_Records supplied_

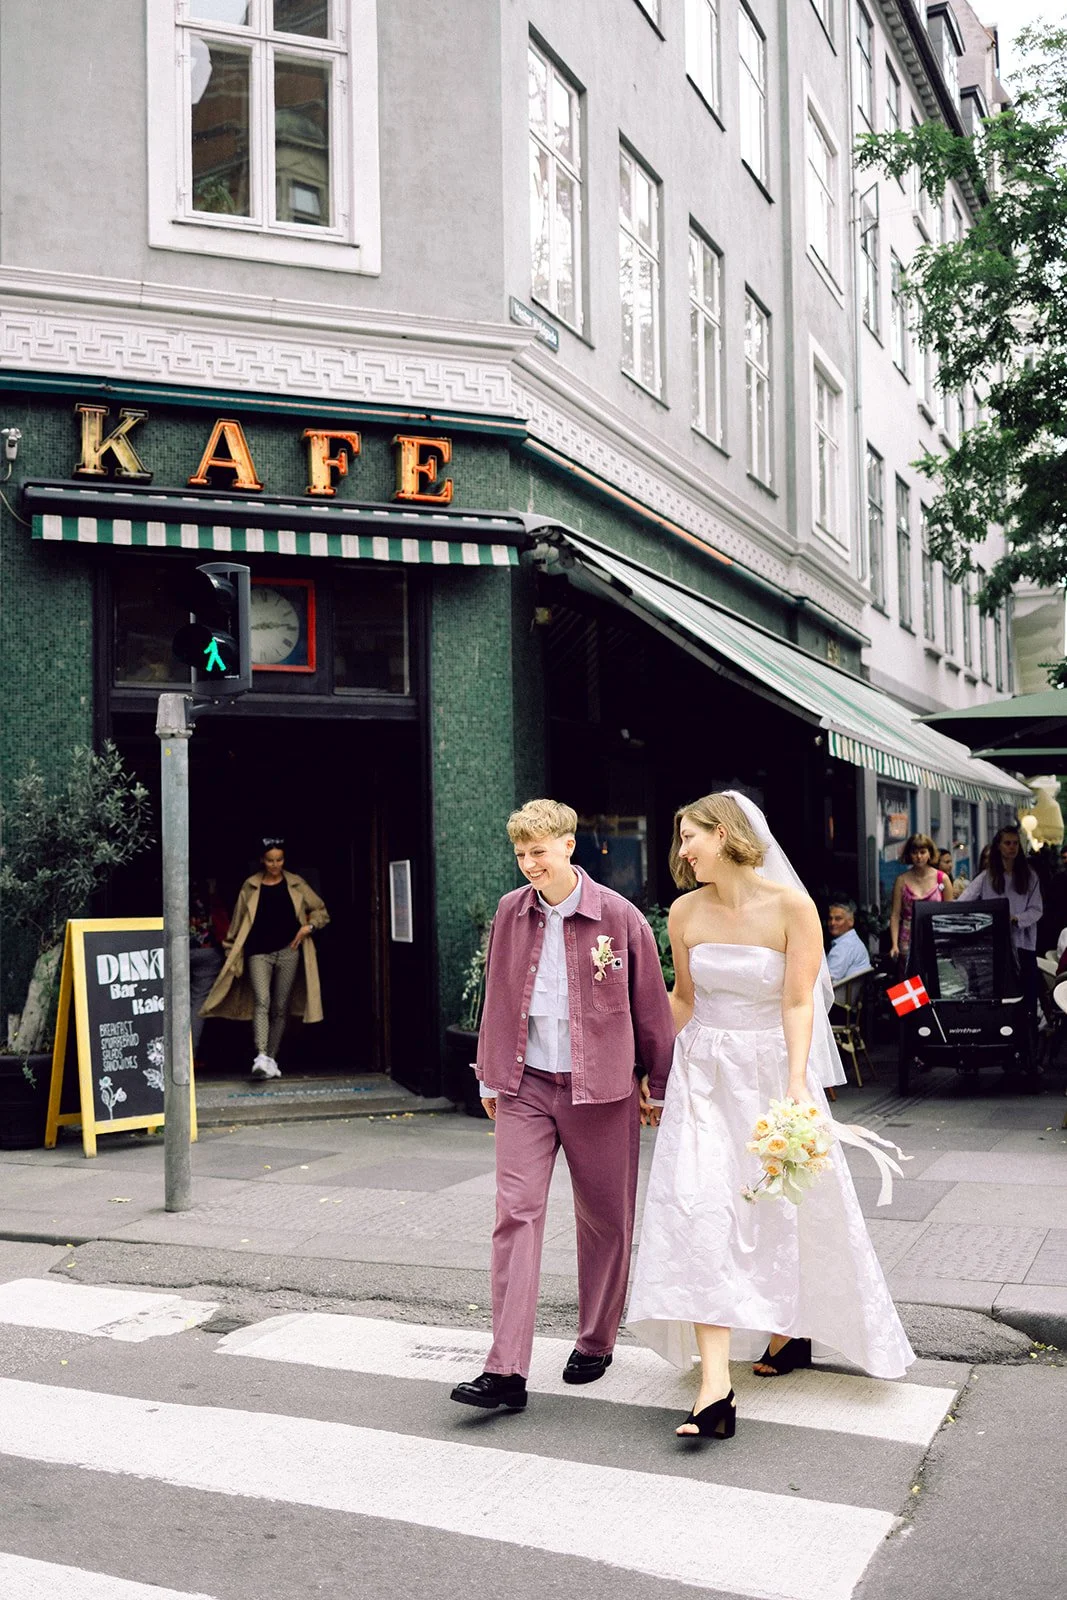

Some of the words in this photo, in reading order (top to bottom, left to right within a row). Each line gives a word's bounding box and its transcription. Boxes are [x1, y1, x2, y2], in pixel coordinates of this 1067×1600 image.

[75, 404, 453, 505] KAFE
[110, 983, 138, 1000] Bar
[102, 1048, 123, 1060] SALADS
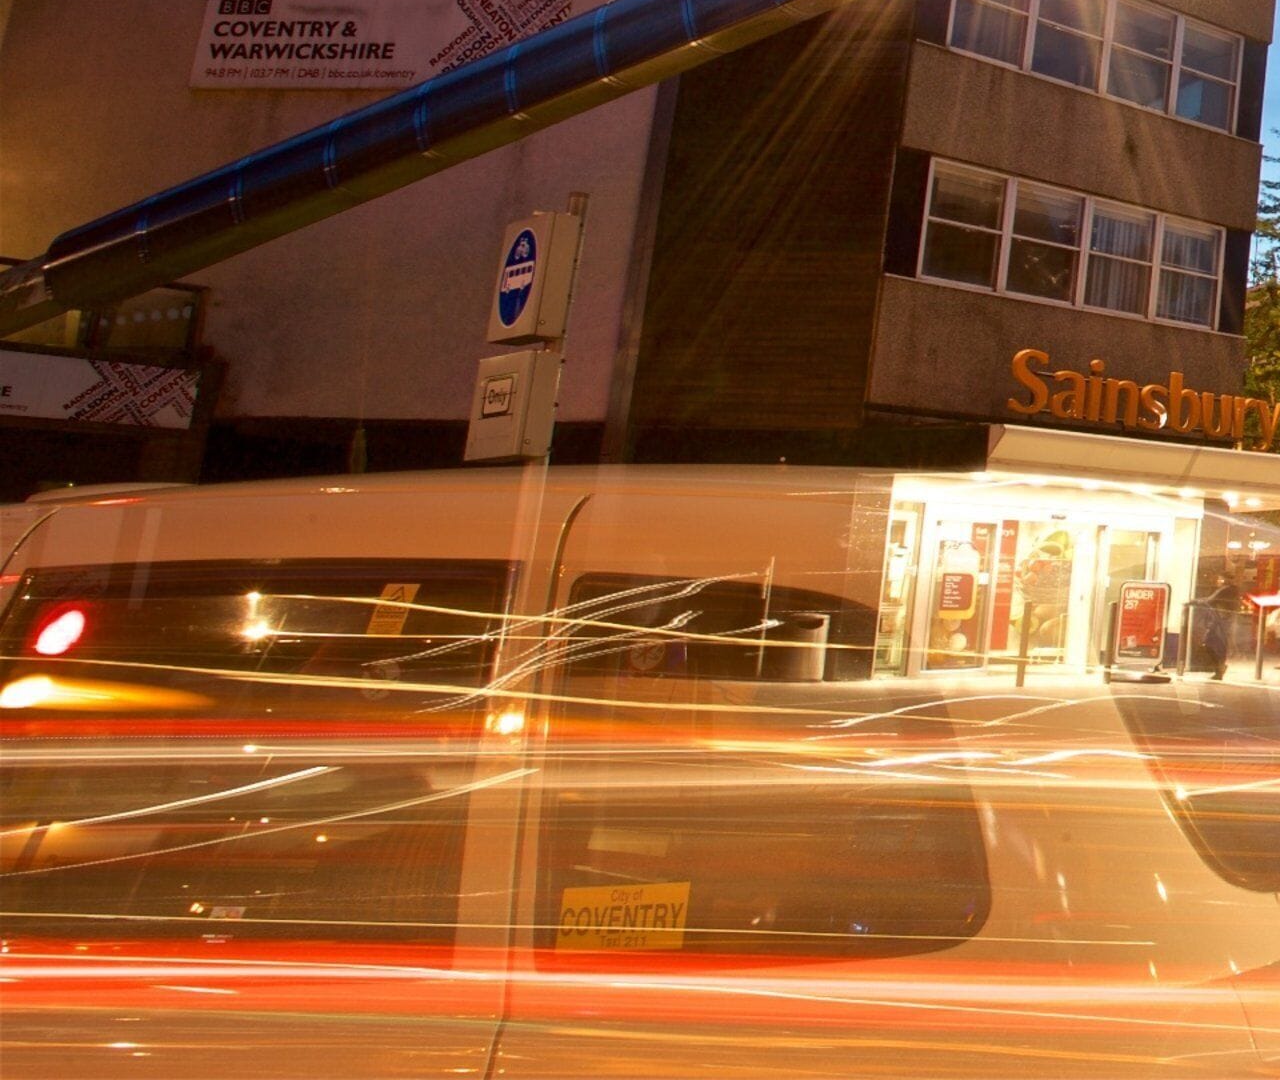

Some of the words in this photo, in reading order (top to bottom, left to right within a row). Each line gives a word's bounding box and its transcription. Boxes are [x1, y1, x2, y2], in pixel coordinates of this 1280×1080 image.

[218, 0, 272, 15] BBC
[213, 21, 338, 38] COVENTRY
[341, 21, 357, 37] &
[209, 43, 395, 60] WARWICKSHIRE
[429, 25, 476, 67] RADFORD
[297, 69, 320, 78] DAB
[488, 387, 508, 407] Only
[1124, 590, 1154, 601] UNDER
[611, 890, 630, 904] City
[633, 887, 644, 901] of
[560, 902, 684, 937] COVENTRY

_Your objective_
Print the records exactly and omit all pictures.

_Answer box_
Some of the words in this photo, in reading order (top to bottom, left to right within a row). Each line gives a word's bounding box and its transcription. Boxes are [x1, y1, x2, y2], in pixel coordinates of this 1067×1600 image.

[75, 404, 453, 505] KAFE
[110, 983, 138, 1000] Bar
[102, 1048, 123, 1060] SALADS

Some of the words in this photo, in reading order (top to bottom, left to right within a row). Each line gives a word's bounding box and its transcription. Boxes are [x1, y1, x2, y2], in pixel coordinates of this 1280×1080 image.

[218, 0, 272, 15] BBC
[213, 21, 338, 38] COVENTRY
[341, 21, 357, 37] &
[209, 43, 395, 60] WARWICKSHIRE
[429, 25, 476, 67] RADFORD
[297, 69, 320, 78] DAB
[488, 387, 508, 407] Only
[1124, 590, 1154, 601] UNDER
[611, 890, 630, 904] City
[633, 887, 644, 901] of
[560, 902, 684, 937] COVENTRY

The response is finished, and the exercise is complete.